Tickets are available here: https://buytickets.at/drawingresearchgroup/1178385
This panel brings together researchers investigating the rhythmic trace in contemporary practice, in relation to repetitive, variable, sequential, and choreographic acts of drawing.
Kelly Cumberland’s research explores repetition and difference in terms of a series of rhythmic formulations, which constantly change between stillness and movement when looking at a drawing. Her presentation will consider how the ‘gathering’ and ‘dispersal’ of rhythm and pattern within drawing highlight structural variations and possibilities. In relation to her dissected drawings and biomorphic installations, she will share aspects of working methods that enable haptic spaces to evolve through the multiplication and reduction of marks. And with reference to works that capture evolutionary shapeshifting cellular imagery in various sculpted and spatialised black and white worlds, she will expand upon how these recordings of sequence and behaviours, result in a rendition of changing forms and their various expansions and contractions.

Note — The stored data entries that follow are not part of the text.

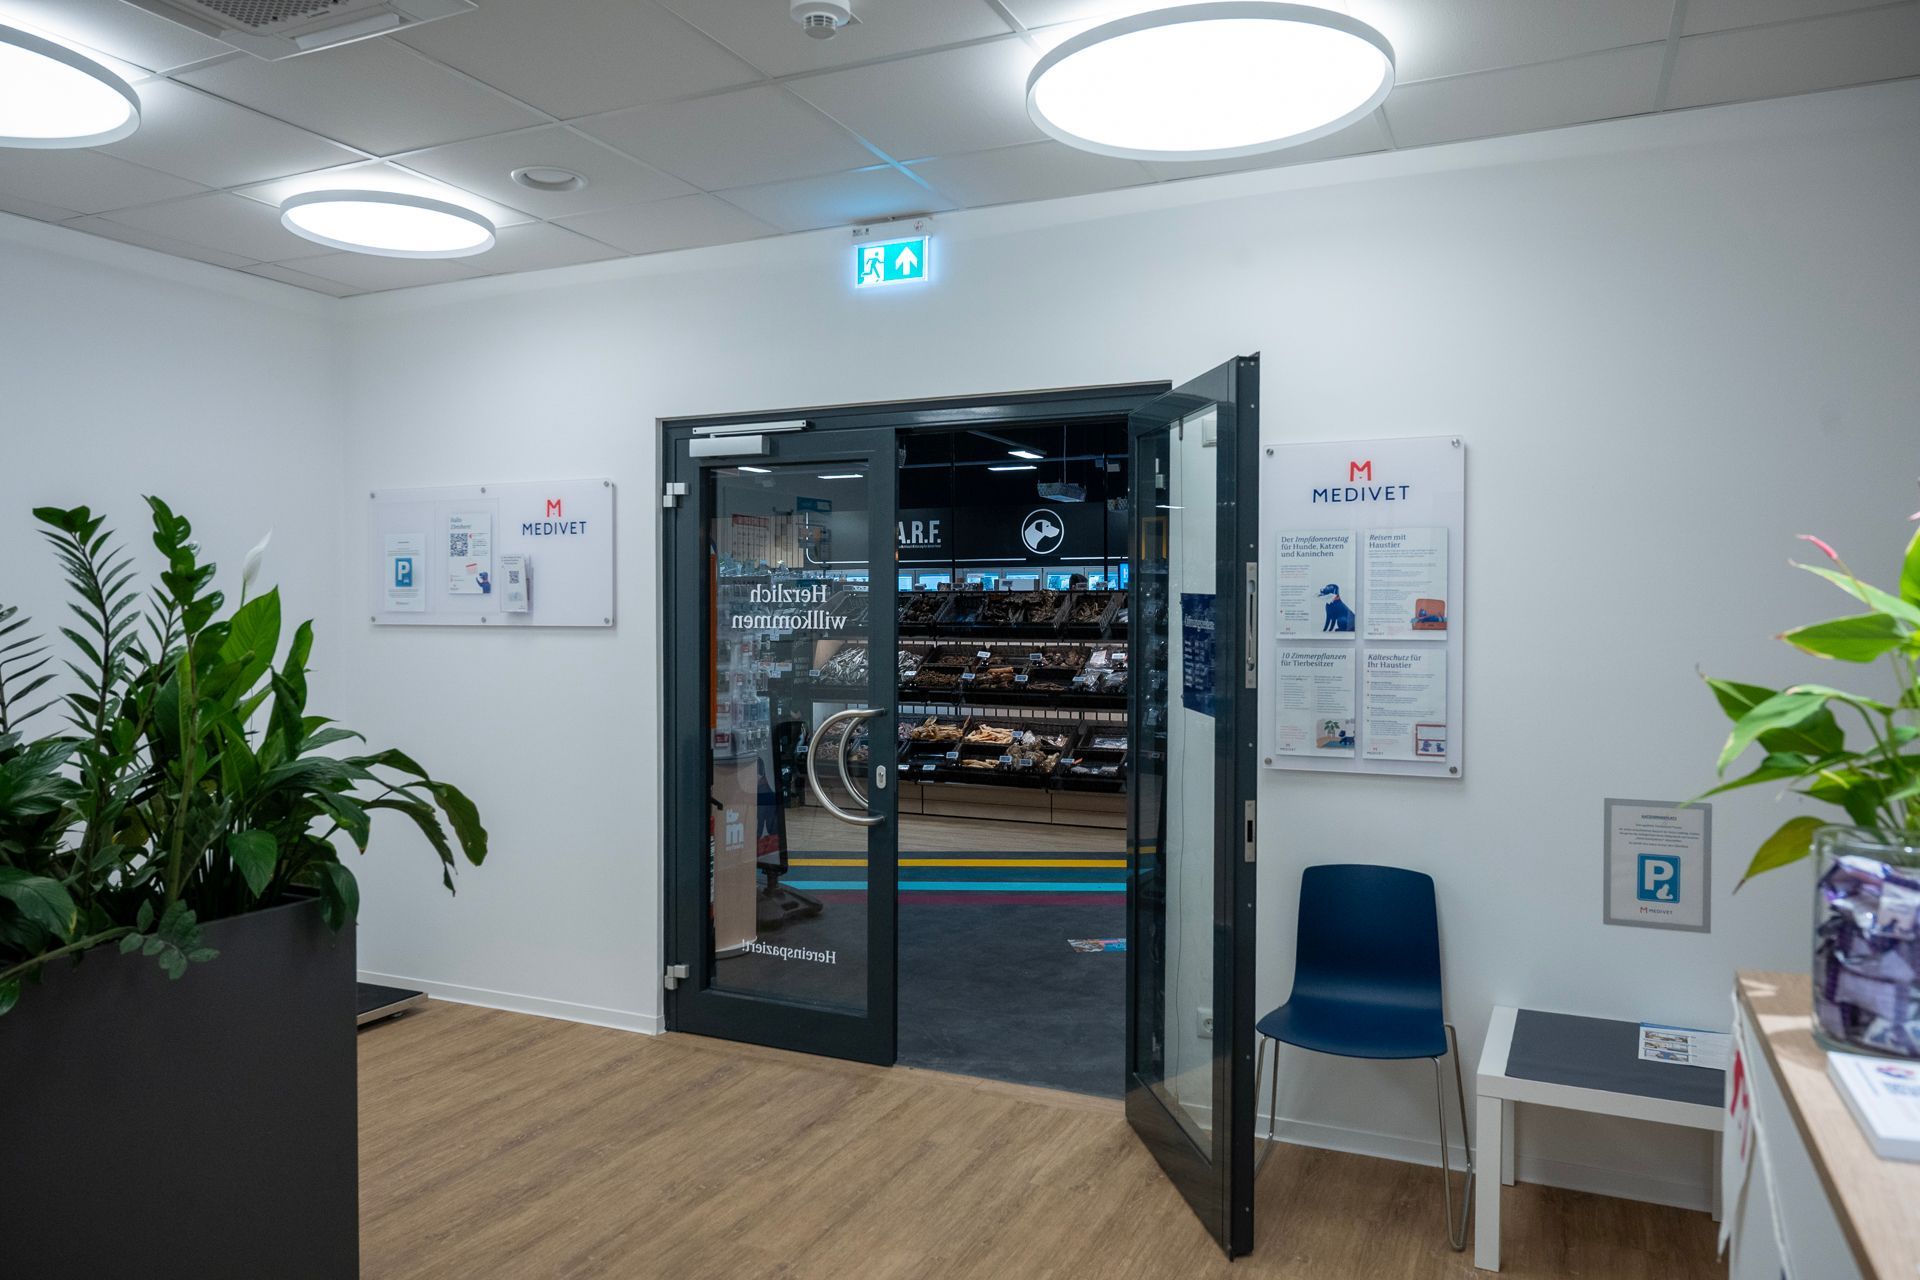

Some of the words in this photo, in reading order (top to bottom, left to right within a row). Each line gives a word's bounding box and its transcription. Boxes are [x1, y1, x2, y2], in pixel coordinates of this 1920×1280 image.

[1349, 460, 1372, 482] M
[1312, 485, 1410, 503] MEDIVET
[546, 498, 562, 518] M
[522, 521, 587, 536] MEDIVET
[1295, 535, 1350, 544] Impfdonnerstag
[1393, 533, 1406, 541] mit
[1292, 543, 1319, 551] Hunde,
[1369, 541, 1401, 549] Haustier
[1280, 550, 1295, 558] und
[1296, 550, 1334, 558] Kaninchen
[1282, 652, 1291, 660] 10
[1291, 652, 1347, 661] Zimmerpflanzen
[1410, 654, 1422, 662] für
[1280, 659, 1292, 667] für
[1293, 660, 1334, 668] Tierbesitzer
[1367, 661, 1379, 669] Ihr
[1380, 661, 1411, 669] Haustier
[1644, 859, 1674, 891] P

Dr Joanna Leah’s presentation will propose that the repetitious and choreographic acts of drawing violently and energetically resist form as a force of alteration. Drawing on the ‘formless’ methods of Bois and Krauss (1997), she will consider how the rhythmic beat of repetition is like breathing time. Performed in acts of language, this repetition might be encountered in ‘cut, cut, cut’ or ‘push, push, push’, as the forces of a vital rhythmic beat that suspends the work in a temporal encounter, that resists completion and is ever open to deviation. With reference to three works of drawing with air, water and light, her presentation will demonstrate repetitious actions mapped in one place, in a method that layers numerous moments on top of one another, as a means to process one place and one moment.

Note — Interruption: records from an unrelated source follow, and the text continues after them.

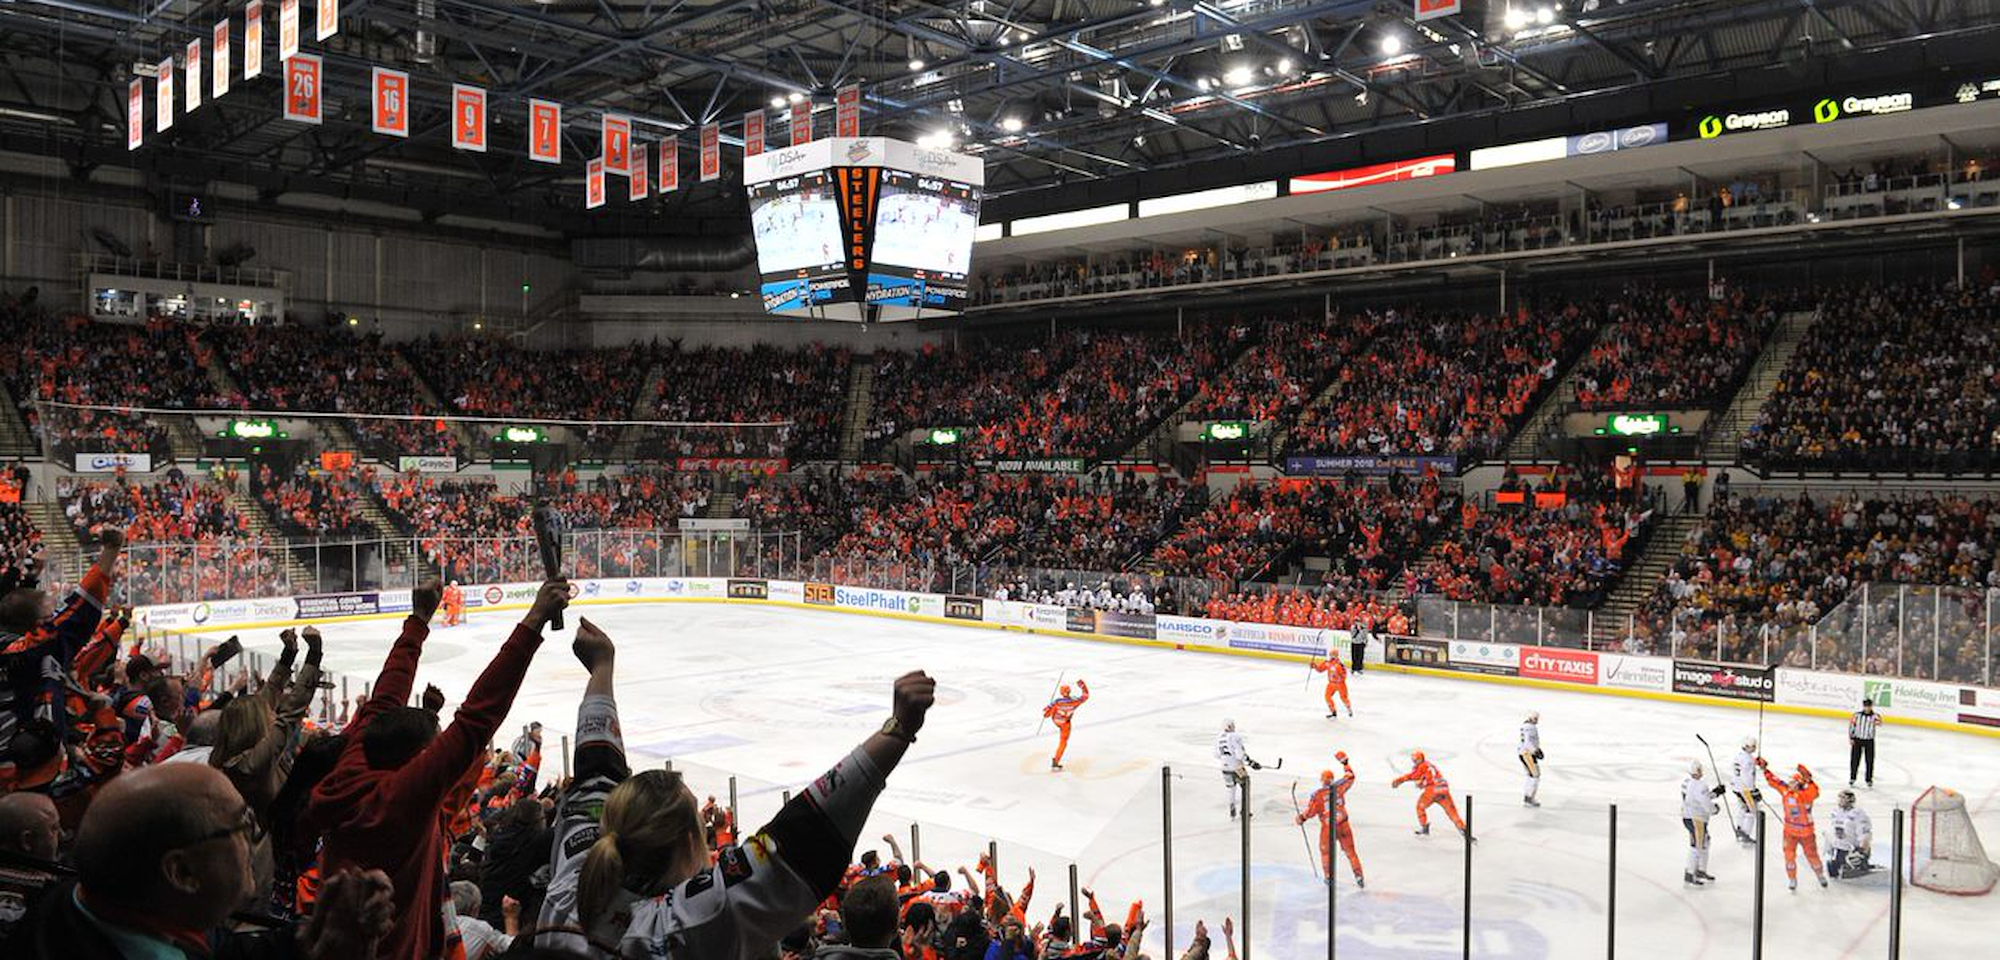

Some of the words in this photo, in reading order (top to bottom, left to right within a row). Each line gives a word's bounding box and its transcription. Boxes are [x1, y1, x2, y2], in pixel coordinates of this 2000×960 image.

[293, 74, 313, 98] 26
[382, 88, 400, 114] 16
[1843, 93, 1912, 114] Grayson
[464, 104, 476, 128] 9
[1725, 109, 1789, 129] Grayson
[540, 118, 549, 141] 7
[611, 132, 621, 154] 4
[852, 168, 864, 270] STEELERS
[996, 460, 1023, 471] NOW
[1025, 460, 1081, 472] AVAILABLE
[1315, 459, 1353, 468] SUMMER
[836, 588, 905, 611] SteelPhalt
[1158, 622, 1212, 634] HARSCO
[1557, 659, 1594, 674] TAXIS
[1895, 685, 1936, 702] Holiday
[1937, 689, 1956, 703] Inn

Danica Maier’s site-specific drawings merge textiles, fine art, and text, to function as tools for exchanging ideas across these domains, and emphasise the fusion of mark-making with, and as, writing. Her performative talk will discuss the unrepeating-repeat as a core method within her practice; mimicking a formal presentation, she will convey and embody how the unrepeating-repeat can prompt shifts in perspective, through a circularity that has subtle yet meaningful variations. Critically underlying her method, is the perceptual shift engendered by ‘aspect-seeing’ (Wittgenstein 1953). In the context of drawing, she tactically engages this notion of an unrepeating-repeat and uses subtle shifts to hide and reveal meanings, with the intention of giving viewers an experience of perspectival seeing and understanding. Through these drawn environments, Maier proposes, the subtle variation of the unrepeating-repeat can operate as soft rebellion or seductive illuminating tool.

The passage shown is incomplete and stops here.